Hier meldet sich dann nochmal der 2. platzierte im *NAGGENSEKTOR* zu Wort.



> der weg war zwar etwas weiter bis zum angelplatz aber durchaus nicht gerade schlimm wie ich fand. anders sah es dagegen bei unseren zarten elfen micky und der grillhure aus. wenn die noch etwas puste gehabt hätten, dann hätten sie mich wohl geköpft weil es ja meine idee war an den strand zu fahren .... oh man war ich zitterig


Du hattest noch *UNSERE* Wattwürmer im Gepäck, lediglich aus dem Grund durftest Du weiter "brennen" ! Wer Aga kennt weiß was ich meine... :q 

Ich muss auch sagen, hat viel Spass gemacht gestern, auch wenn der Weg im Verhältnis zu unseren bisherigen Brandungstagen diesmal schon "etwas" länger war.


> das war für mich auch gleichzeitig der saisonabschluß


Ich weiß ja nicht warum für DICH schon Saisonabschluss ist, ich glaub Du hast unser "Date" nächste Woche vergessen, gell !?!?! Danach ist erst Saisonschluss...
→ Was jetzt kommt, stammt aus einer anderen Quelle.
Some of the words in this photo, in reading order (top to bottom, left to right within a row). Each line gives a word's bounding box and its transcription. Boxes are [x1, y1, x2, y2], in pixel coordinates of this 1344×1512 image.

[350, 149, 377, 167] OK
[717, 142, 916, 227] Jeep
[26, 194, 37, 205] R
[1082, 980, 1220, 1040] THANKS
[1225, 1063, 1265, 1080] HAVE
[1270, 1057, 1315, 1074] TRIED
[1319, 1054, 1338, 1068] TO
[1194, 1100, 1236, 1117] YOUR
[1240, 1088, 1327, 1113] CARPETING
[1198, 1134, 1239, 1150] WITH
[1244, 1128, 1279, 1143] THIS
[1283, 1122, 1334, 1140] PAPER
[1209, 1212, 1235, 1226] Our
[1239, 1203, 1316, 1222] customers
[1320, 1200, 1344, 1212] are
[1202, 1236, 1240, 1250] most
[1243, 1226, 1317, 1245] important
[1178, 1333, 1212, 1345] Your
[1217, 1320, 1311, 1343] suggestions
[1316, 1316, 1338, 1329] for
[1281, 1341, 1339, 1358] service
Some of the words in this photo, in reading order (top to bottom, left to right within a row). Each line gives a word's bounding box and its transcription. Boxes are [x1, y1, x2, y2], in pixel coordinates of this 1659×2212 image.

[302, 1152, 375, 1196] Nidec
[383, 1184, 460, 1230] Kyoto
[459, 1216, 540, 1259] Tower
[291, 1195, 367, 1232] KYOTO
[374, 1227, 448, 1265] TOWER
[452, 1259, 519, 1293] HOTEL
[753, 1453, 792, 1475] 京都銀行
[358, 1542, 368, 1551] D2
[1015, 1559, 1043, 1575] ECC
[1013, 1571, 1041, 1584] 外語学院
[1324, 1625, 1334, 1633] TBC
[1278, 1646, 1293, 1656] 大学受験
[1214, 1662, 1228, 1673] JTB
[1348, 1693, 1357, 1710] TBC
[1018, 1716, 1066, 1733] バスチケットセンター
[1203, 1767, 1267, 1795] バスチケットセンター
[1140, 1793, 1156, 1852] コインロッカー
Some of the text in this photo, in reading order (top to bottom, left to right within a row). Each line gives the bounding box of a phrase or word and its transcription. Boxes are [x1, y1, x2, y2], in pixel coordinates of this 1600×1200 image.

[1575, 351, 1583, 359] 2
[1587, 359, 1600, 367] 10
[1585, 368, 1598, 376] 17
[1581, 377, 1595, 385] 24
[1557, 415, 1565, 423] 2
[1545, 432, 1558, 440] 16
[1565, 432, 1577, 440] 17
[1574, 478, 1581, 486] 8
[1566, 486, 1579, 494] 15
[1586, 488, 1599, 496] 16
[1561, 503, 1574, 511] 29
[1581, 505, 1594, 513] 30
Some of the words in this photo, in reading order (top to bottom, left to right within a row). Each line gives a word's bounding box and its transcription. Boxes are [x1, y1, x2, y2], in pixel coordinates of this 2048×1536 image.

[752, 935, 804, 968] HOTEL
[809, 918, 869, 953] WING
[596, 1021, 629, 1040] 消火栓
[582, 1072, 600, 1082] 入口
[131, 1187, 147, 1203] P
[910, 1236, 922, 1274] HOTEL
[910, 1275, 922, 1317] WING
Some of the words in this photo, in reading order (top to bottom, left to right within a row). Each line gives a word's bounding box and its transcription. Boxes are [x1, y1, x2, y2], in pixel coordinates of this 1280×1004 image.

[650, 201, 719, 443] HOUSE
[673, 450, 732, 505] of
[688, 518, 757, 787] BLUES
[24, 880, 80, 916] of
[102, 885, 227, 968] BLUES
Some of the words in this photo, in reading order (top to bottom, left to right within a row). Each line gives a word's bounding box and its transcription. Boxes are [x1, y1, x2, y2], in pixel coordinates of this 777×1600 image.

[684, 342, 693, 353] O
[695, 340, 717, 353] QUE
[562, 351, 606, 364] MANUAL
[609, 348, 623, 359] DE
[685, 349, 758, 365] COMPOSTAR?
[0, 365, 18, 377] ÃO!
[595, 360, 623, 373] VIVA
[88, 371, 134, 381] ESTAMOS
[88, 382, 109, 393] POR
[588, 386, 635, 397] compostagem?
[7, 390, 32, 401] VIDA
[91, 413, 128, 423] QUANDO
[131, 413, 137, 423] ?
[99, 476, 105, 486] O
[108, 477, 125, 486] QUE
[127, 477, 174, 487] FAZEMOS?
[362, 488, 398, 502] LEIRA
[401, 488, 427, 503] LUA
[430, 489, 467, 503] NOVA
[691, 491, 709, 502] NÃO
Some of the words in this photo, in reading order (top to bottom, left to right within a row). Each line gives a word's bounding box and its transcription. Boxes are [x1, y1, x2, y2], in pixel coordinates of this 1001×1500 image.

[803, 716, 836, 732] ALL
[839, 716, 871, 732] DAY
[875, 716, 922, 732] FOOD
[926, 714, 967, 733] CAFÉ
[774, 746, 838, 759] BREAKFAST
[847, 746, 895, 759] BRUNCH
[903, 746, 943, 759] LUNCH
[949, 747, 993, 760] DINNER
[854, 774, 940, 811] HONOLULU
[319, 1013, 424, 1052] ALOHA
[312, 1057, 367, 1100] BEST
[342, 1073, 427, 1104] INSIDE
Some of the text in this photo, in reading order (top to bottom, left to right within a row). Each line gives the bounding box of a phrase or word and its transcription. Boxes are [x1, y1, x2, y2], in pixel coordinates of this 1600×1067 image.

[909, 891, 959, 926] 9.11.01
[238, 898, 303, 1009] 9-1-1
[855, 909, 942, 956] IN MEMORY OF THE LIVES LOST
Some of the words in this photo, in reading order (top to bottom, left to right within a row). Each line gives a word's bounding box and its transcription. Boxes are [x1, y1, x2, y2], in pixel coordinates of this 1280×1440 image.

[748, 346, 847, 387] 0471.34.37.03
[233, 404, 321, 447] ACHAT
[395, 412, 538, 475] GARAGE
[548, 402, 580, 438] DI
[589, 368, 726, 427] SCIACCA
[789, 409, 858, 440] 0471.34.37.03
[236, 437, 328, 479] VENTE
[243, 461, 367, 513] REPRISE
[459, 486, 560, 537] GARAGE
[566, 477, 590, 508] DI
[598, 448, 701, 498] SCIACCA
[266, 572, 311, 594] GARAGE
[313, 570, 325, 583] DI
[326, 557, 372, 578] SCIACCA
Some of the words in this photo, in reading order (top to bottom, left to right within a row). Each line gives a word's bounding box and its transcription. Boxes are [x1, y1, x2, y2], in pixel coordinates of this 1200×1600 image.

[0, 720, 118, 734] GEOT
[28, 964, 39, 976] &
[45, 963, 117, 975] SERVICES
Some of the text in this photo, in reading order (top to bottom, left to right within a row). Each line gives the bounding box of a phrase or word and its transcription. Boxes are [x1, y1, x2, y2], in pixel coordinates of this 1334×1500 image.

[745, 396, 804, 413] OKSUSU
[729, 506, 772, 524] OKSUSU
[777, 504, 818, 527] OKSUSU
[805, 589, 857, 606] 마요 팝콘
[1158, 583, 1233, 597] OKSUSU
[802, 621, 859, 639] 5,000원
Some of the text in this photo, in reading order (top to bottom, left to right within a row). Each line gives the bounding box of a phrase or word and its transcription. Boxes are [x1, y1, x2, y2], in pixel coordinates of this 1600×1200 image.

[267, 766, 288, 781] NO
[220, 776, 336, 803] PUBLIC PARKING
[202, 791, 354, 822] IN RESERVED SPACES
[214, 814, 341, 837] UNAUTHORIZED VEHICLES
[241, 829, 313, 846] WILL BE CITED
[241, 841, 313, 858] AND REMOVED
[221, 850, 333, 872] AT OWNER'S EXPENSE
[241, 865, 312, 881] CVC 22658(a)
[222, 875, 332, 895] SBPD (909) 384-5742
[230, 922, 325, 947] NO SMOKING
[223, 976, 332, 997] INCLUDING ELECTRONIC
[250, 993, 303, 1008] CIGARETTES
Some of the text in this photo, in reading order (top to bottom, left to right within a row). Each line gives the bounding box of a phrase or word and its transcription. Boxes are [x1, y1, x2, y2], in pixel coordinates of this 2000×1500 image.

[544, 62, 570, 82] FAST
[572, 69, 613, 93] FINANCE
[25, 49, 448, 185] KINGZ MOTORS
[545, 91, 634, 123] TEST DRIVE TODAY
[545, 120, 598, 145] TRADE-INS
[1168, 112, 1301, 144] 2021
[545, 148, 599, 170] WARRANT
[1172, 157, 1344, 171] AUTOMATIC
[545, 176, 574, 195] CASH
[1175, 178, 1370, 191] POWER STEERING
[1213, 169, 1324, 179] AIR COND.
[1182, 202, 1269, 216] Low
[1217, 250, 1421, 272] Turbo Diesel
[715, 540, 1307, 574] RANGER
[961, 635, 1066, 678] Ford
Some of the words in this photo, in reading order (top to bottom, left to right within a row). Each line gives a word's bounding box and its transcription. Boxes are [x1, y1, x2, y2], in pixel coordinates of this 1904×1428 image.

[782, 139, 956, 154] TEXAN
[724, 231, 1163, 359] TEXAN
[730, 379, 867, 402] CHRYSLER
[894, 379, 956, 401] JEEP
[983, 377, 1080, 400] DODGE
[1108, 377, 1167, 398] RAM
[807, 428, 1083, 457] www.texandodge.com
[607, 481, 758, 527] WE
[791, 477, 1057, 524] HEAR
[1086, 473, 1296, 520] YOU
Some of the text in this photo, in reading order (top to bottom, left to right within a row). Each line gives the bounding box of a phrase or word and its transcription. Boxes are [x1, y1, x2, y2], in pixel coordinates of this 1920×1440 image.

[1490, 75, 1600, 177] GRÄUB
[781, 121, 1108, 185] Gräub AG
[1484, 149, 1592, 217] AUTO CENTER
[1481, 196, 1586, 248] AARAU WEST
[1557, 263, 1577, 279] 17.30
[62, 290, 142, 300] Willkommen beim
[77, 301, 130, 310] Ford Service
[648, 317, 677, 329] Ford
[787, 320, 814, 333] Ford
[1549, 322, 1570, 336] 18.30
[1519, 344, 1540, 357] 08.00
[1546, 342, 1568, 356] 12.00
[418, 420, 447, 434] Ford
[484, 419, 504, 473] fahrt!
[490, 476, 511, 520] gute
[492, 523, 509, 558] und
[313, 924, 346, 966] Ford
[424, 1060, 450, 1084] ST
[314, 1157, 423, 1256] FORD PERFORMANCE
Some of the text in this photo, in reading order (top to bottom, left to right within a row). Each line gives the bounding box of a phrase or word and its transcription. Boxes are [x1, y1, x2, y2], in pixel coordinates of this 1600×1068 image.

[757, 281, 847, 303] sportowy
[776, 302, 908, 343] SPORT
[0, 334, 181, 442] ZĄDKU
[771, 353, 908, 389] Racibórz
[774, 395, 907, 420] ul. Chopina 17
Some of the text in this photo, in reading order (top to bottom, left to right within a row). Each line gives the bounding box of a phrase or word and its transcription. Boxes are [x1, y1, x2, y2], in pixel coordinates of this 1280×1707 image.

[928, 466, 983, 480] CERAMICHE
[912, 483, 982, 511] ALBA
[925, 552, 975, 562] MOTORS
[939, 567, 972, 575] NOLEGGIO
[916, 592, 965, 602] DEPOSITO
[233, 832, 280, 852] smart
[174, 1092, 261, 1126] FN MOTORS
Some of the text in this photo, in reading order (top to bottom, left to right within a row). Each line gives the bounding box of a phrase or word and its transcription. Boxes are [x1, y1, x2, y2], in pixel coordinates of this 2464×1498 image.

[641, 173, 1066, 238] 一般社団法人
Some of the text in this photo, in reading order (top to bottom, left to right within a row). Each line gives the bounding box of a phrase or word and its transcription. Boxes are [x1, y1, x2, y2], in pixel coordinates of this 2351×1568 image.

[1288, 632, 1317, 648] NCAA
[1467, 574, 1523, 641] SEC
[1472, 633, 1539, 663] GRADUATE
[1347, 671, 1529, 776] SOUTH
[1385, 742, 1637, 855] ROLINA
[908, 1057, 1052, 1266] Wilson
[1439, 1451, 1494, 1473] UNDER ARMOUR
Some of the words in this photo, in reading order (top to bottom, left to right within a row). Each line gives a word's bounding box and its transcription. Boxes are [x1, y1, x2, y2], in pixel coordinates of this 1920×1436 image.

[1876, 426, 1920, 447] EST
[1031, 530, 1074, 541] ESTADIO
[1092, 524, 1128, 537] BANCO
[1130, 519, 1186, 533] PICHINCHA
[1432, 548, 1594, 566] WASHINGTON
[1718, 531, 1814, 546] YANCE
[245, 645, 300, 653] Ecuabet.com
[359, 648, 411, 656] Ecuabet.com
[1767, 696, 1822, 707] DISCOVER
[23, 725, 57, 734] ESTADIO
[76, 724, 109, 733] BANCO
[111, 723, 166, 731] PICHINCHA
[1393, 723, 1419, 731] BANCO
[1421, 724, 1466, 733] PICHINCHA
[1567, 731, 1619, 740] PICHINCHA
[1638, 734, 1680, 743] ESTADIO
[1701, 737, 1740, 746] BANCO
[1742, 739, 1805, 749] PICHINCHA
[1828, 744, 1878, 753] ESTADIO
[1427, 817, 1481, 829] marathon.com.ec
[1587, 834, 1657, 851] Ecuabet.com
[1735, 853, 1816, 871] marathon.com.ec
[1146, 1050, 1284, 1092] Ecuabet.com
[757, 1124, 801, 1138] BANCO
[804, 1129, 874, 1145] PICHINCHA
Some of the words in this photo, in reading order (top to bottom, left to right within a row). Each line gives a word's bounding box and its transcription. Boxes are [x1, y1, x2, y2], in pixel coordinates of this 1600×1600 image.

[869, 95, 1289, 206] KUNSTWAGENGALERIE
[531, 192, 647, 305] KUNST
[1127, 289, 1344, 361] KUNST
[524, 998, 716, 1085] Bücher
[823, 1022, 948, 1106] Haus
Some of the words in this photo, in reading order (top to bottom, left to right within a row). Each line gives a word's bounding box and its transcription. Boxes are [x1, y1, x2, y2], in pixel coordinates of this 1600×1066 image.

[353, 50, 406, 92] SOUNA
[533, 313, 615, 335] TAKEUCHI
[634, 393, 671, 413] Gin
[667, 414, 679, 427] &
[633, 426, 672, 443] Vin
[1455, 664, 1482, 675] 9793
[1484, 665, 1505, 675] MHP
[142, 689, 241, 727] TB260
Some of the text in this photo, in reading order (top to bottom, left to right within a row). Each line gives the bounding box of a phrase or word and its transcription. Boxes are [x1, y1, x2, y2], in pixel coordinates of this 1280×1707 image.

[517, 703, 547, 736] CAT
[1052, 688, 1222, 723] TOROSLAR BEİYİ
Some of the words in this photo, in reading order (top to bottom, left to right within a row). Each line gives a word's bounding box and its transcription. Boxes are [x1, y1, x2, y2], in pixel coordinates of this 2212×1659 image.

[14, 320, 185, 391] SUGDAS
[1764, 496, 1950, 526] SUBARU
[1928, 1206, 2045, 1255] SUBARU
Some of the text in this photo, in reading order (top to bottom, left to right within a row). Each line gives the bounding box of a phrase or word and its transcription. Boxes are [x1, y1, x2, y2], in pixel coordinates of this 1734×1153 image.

Viele Grüße auch noch nach Berlin #h  War schön euch auch endlich mal persönlich kennengelernt zu haben.


----------



## Brandiangli (26. Mai 2005)

*AW: Bericht der NAGGENPARTY in der Brandung !!!*

Ja Hallo auch #h 


Wir sind dann auch heut morgen so gegen 8.00 Uhr wieder in Berlin angekommen . Nachdem wir uns gegen halb 4 von Aga verabschiedet hatten , kamm ich doch noch auf die Idee durchzufahren - ich mußte ja um 10.00 Uhr schon wieder auf ner Baustelle sein und arbeiten :v . 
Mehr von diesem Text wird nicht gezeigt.